Что тогда закричите вы все о свободе, потерянной в марте?
Помню последний вечер в Маниле.
На заре мы улетали. Догорал мирный закат над Манильской бухтой, и корабли в океане казались далекими и бесплотными призраками; можно было даже предположить, что на них нет пушек.
По приморской дороге беспрерывным потоком неслись автомобили. Стемнело, и машин уже не было видно, только огни, огни, огни, — казалось, что это не автомобили, а сама дорога бежит, льется, как огненная река.
Было жарко, несмотря на вечер, душно. По Рисаль-стрит, шатаясь, шли в обнимку американские моряки в своих белых колпачках, похожие на поваров. Они были смертельно пьяны и невеселы, хоть и горланили во все горло песни.
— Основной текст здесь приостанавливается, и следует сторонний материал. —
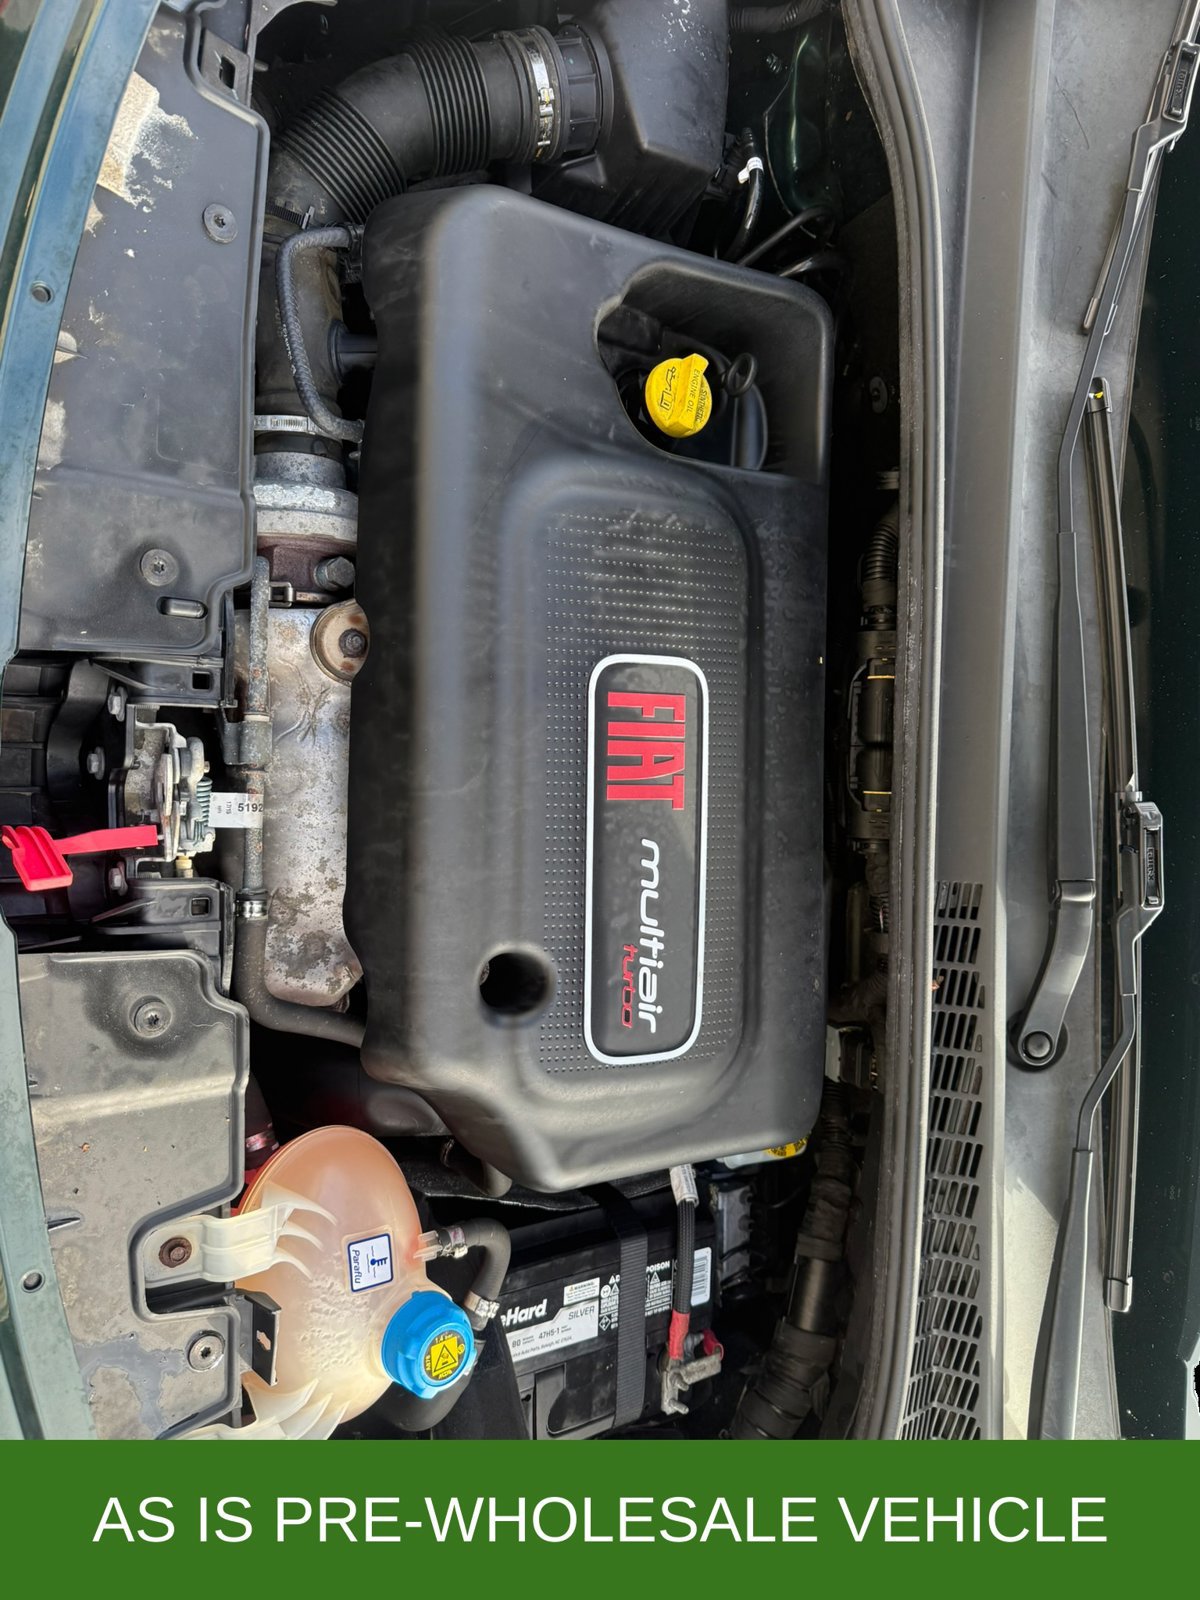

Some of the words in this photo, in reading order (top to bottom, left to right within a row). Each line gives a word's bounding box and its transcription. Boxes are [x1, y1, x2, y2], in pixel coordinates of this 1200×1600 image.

Прохожие шарахались от них в стороны; с визгом прятались девушки; торопливо опускали жалюзи на окнах.
Морякам было тесно на тротуаре, к пьяной компании приставали еще и еще пьяные. Рисаль-стрит гудела и стонала от топота их ног, от их мрачных песен, от их невеселого веселья.
Хриплые звуки музыки вырывались из всех щелей манильских притонов. Зазывалы тащили пьяных солдат в подворотни.
— Все для американцев!
Голые девушки были нарисованы яркими красками на огромных вывесках бурлесков, баров, кабаре.
— Вход — только песо![4] Вход — только песо! — кричали зазывалы. — Очень много смеха за одно песо.
Но смеха было мало в этих притонах под кричащими вывесками: «Хаба-хаба», «Горячее место», «Наплевать!» Зато было много гадости и грязи. В бурлеске под вывеской «Atomic bomb» («Атомная бомба») на подмостках кривлялись мужчины в женских платьях и девушки в мужских костюмах. В этом и была «соль», номера — мужчины в женских платьях вели себя на сцене совершенно непристойно, впрочем, и девушки им не уступали.
Наш русский солдат ушел бы, отплевываясь, из этого «театра», но на американцев «атомная бомба» действовала оглушающе, они хрипло кричали актерам: «Давай, давай еще! Эй, девка, вкалывай! Стесняться поздно!»